• [What you need to do]
Copy out the whole listing exactly as given. Skip the pictures.

-------------------------

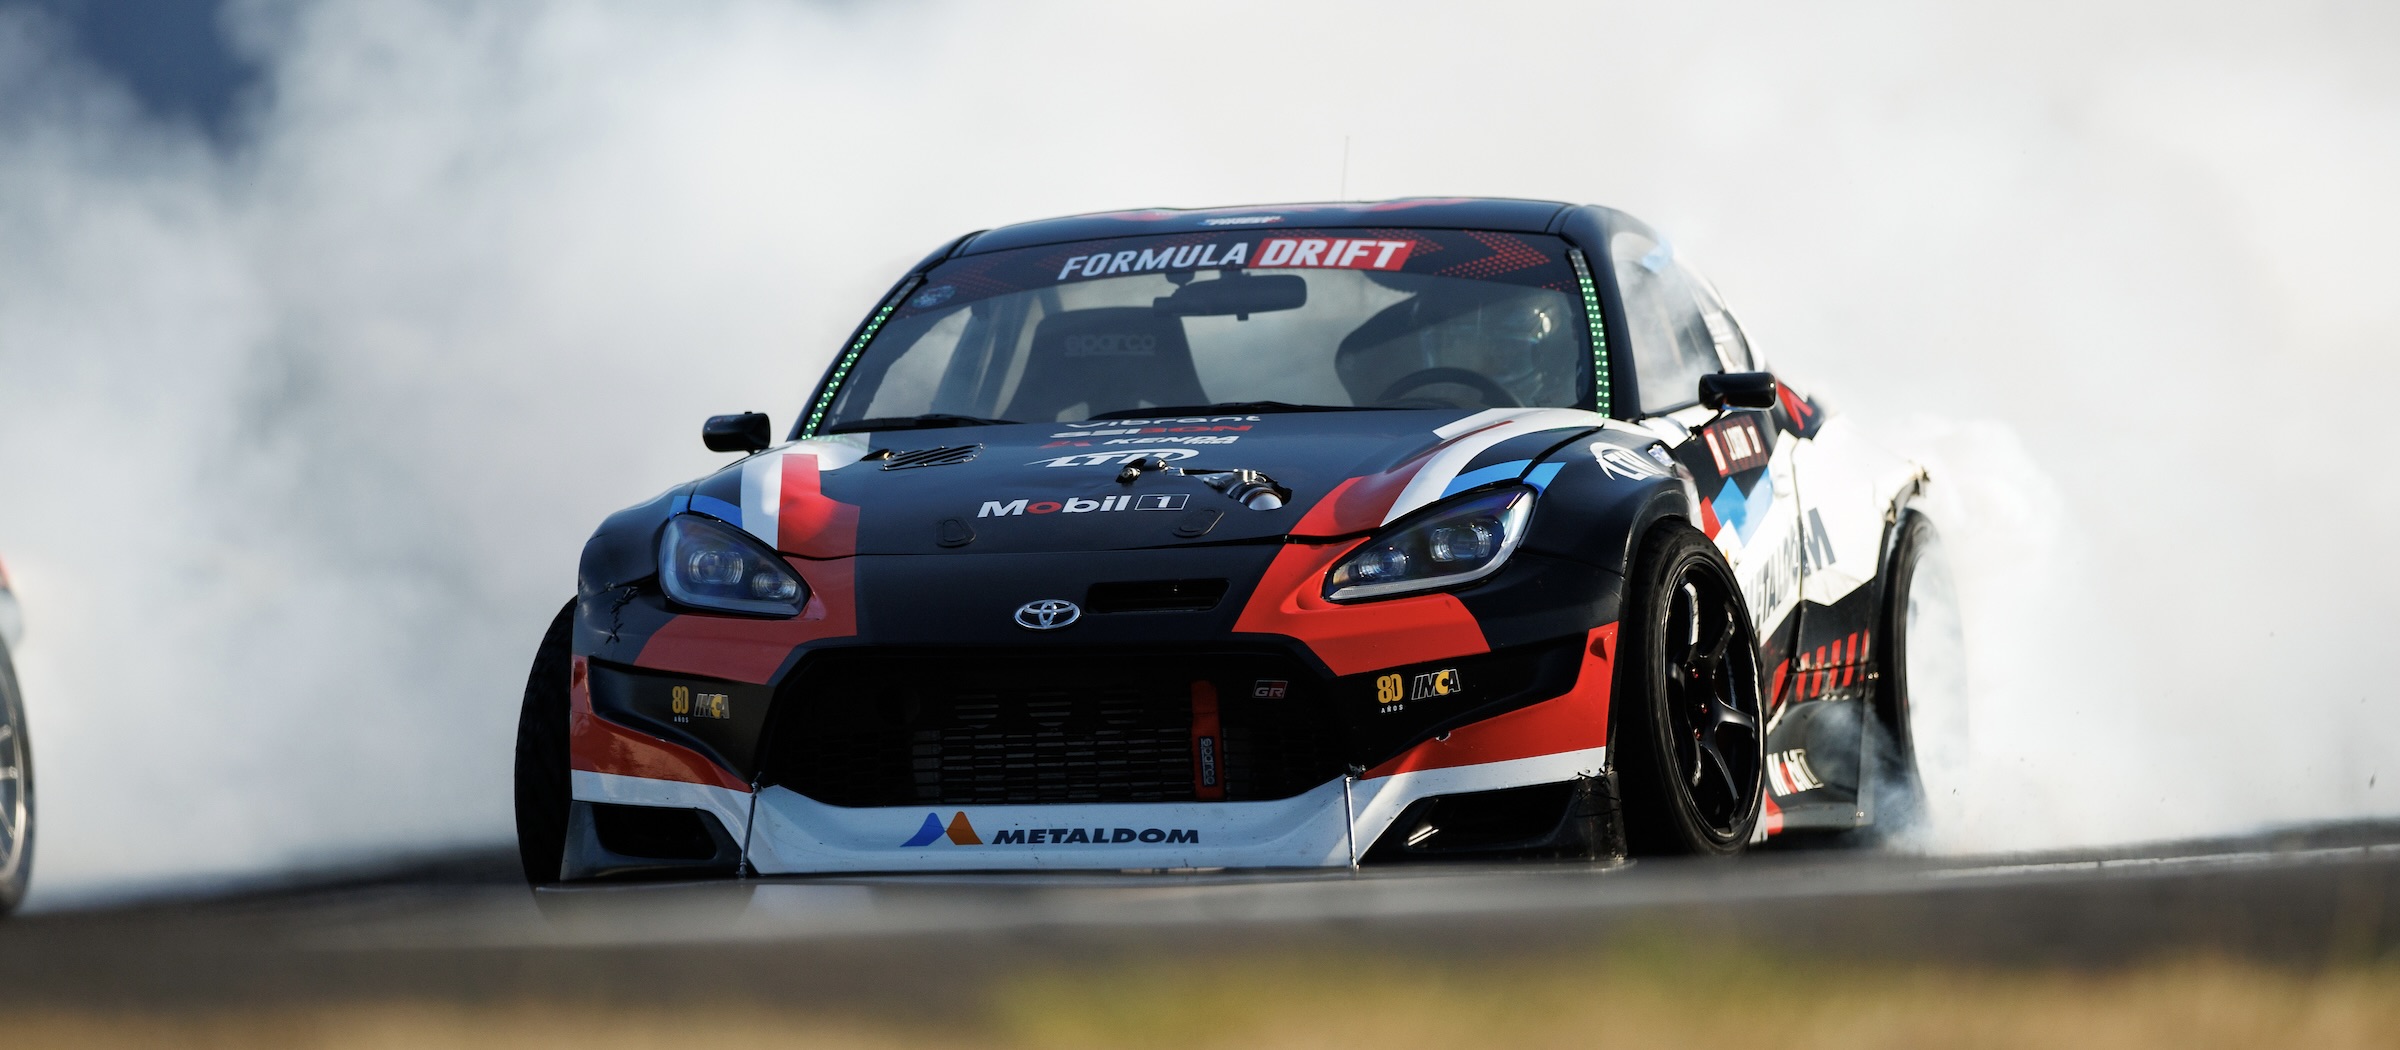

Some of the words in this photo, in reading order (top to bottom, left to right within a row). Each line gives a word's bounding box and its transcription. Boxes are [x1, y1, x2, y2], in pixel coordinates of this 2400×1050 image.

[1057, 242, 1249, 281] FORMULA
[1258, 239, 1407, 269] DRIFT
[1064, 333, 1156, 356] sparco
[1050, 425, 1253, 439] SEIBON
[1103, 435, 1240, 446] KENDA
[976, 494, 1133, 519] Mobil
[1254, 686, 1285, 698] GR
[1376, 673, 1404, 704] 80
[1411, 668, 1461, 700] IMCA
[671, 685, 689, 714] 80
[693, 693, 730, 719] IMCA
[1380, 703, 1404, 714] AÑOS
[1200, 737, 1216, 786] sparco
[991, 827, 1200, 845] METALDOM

-------------------------

• [Answer to this problem]
Some of the words in this photo, in reading order (top to bottom, left to right within a row). Each line gives a word's bounding box and its transcription. Boxes are [x1, y1, x2, y2], in pixel coordinates of this 2400×1050 image.

[1057, 242, 1249, 281] FORMULA
[1258, 239, 1407, 269] DRIFT
[1064, 333, 1156, 356] sparco
[1050, 425, 1253, 439] SEIBON
[1103, 435, 1240, 446] KENDA
[976, 494, 1133, 519] Mobil
[1254, 686, 1285, 698] GR
[1376, 673, 1404, 704] 80
[1411, 668, 1461, 700] IMCA
[671, 685, 689, 714] 80
[693, 693, 730, 719] IMCA
[1380, 703, 1404, 714] AÑOS
[1200, 737, 1216, 786] sparco
[991, 827, 1200, 845] METALDOM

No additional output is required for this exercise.